From Mohenjodaro to Narendra Modi

27 November,2016 08:16 AM IST |   |  Jane Borges

Writer Farrukh Dhondy doesn't spare his wit, even when writing textbook-like stories. His new title promises a different history lesson



India My India traces the country's history from Mohenjodaro to contemporary times. Illustration/Ravi Jadhav

What makes Farrukh Dhondy witty? When you ask the 72-year-old Indian-British writer and columnist, he says, "It comes as a shock…that you elevate my silliness to the status of 'wit'." Nevertheless, Dhondy, who for years has regaled Indian readers with his chuckle-worthy opinion, is now extending bright wisdom to history. His new book, India My India (Rumour Books India), traces the country's story from where it first began - Mohenjodaro.

With a funny narrator in the driver's seat, this history class doesn't have a dull moment. That the UK-based writer initially planned to call the book India for Idiots, but changed his mind, is comforting. In an email interview from London, where he lives with his family, he tells us why he pored over hundreds of textbooks to fact-check his opinion.

Edited excerpts:

You've written fiction before. This appears to be your first attempt at writing an Indian history book. Why the shift?
It is my first stab at a history book, but not my first non-fiction work. I originally thought of it as a history primer for my daughters and son who are half-Indian, half-British. They visit India, see their aunts and cousins, do what Europeans do on the beaches of Goa, sit on the bench where Princess Diana was photographed at the Taj, cruise around Rajasthan and relish Indian cuisine. I wanted them to be more familiar with the history that they were oblivious to, and started this book, which I called India for Idiots. Friends said it might prove an ideal guide for visitors to India, so I did add appendages to the chapters.


Farrukh Dhondy started writing the book as a history primer for his half-Indian, half-British children

How do you consider your work different from the academic kind of history?
I have included in the book some fanciful mythological stories or even folk-tales passed on by my father, grand-uncle or teachers. For instance, acknowledging that it's just a story, I've included the legend of the young architect of the Taj Mahal who was blinded by Shah Jahan after the building was complete. One version says the emperor did it to prevent him making another such monument. The alternative story is that Shah Jahan heard the rumour that the architect was in love with the Queen and had drawn his inspiration from that obsession. The Emperor then, in jealous rage, blinded him, but the young man, with blood streaming down his cheeks confessed, or boasted, to the emperor that he had left a single engineering flaw in the dome of the Taj through which one raindrop would escape each monsoon and fall in sorrow on the tomb of Mumtaz Mahal. Bull stuff? Yes, but moving.

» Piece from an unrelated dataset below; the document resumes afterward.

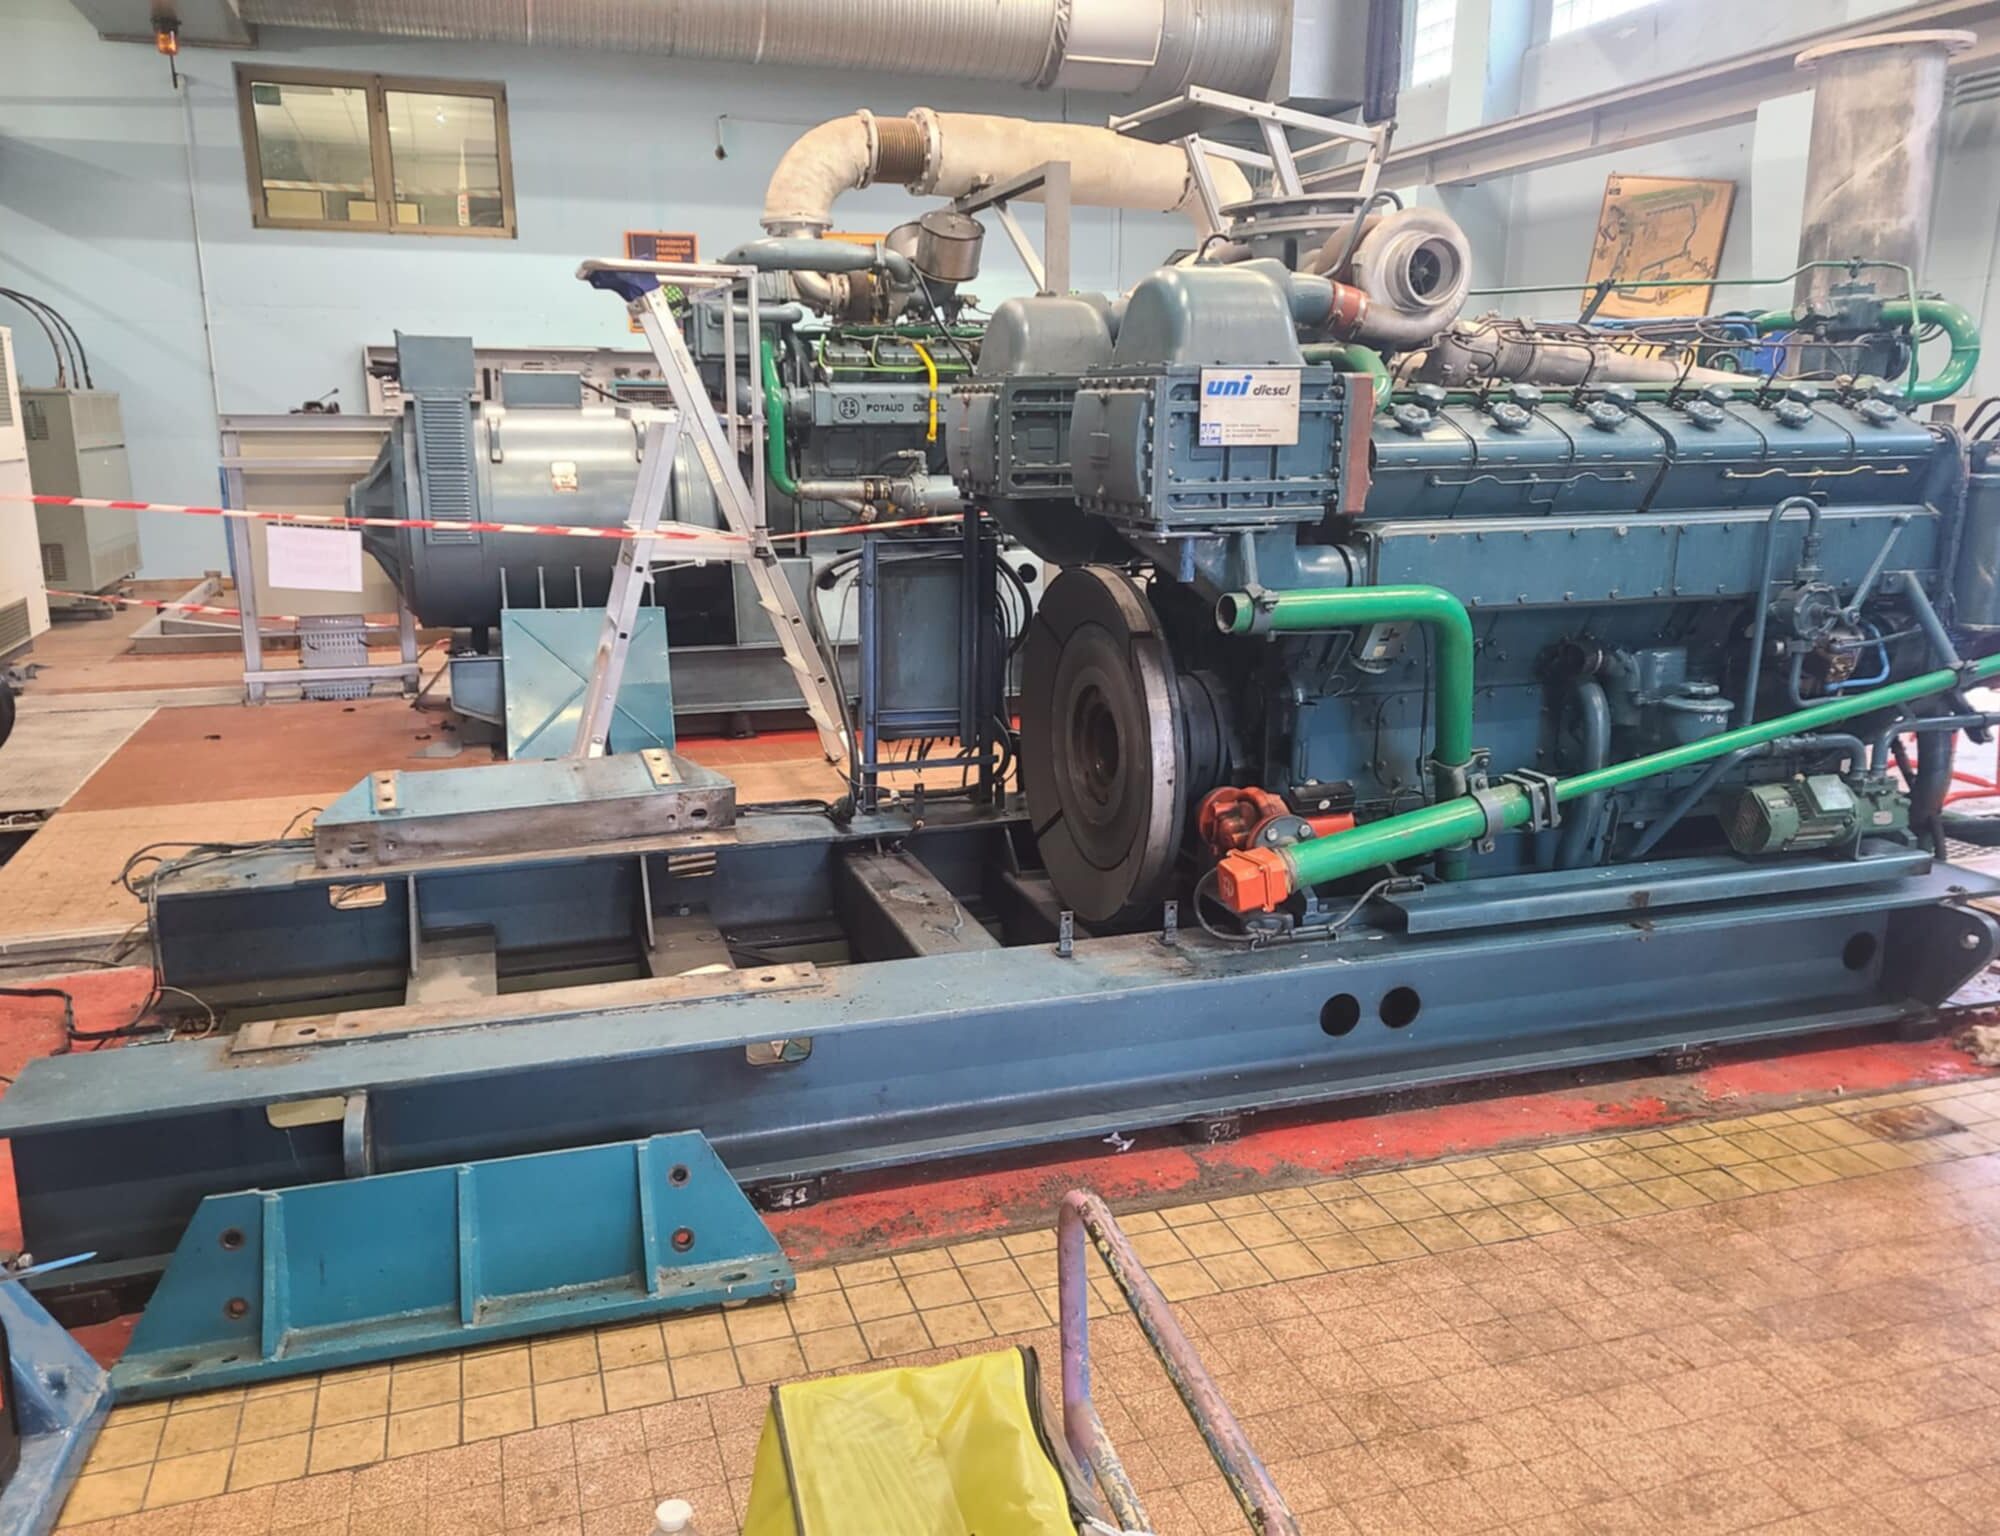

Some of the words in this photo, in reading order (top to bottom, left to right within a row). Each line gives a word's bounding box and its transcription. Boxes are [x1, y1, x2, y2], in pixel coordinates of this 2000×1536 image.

What's your favourite moment in Indian history?
One proud moment in India's history is Pandit Nehru's Tryst with Destiny speech to the nation at the moment of independence from British colonial rule. He said, "at the stroke of midnight, while the world sleeps…. India awakes… etc." I'm sure that Panditji knew that at the stroke of midnight in India, America, Japan and a lot of the world was not asleep but wide awake and going about their business. Perhaps, he was thinking of the 'siesta' nations.

You're most known for your sense of humour, especially in your columns. How much of that has seeped into the book?
One of my favourite Raj Kapoor films is Mera Naam Joker, which depicts the sad side of the clown. However, it comes as a bit of a shock to me that anyone would elevate my silliness to the status of 'wit'. I've just been reading an essay by Lytton Strachey (Who? this cyber-generation might well ask) in which he says that Dostoevsky should be known for his sense of humour. Doom and Gloom Dosto? Crime and Punishment Fyodor? OK! I am content to be in such company. And no, there are no jokes though there might be some howlers, which no doubt Willy Dalrymple, Roddy Matthews and other historians will point out, in my stab at India's history.

There's a lot of ground that you have covered, right from the Indus Valley Civilisation to post Independence. How much time and material did you invest in this?
It is truly Mohenjodaro to Modi (its alternative title). But, then one or the other of the 'M's may have been unhappy at being included in the same phrase. Yes, I read a lot of books and even went to a library after years.

Now that you've written a history book, do you see yourself teaching this in the classroom?
A classroom? Not again. I used to be a schoolteacher, but all that is outlined in my very readable fraction-of-an-autobiography called London Company (Ai Shuddup yaar! No advertising here!)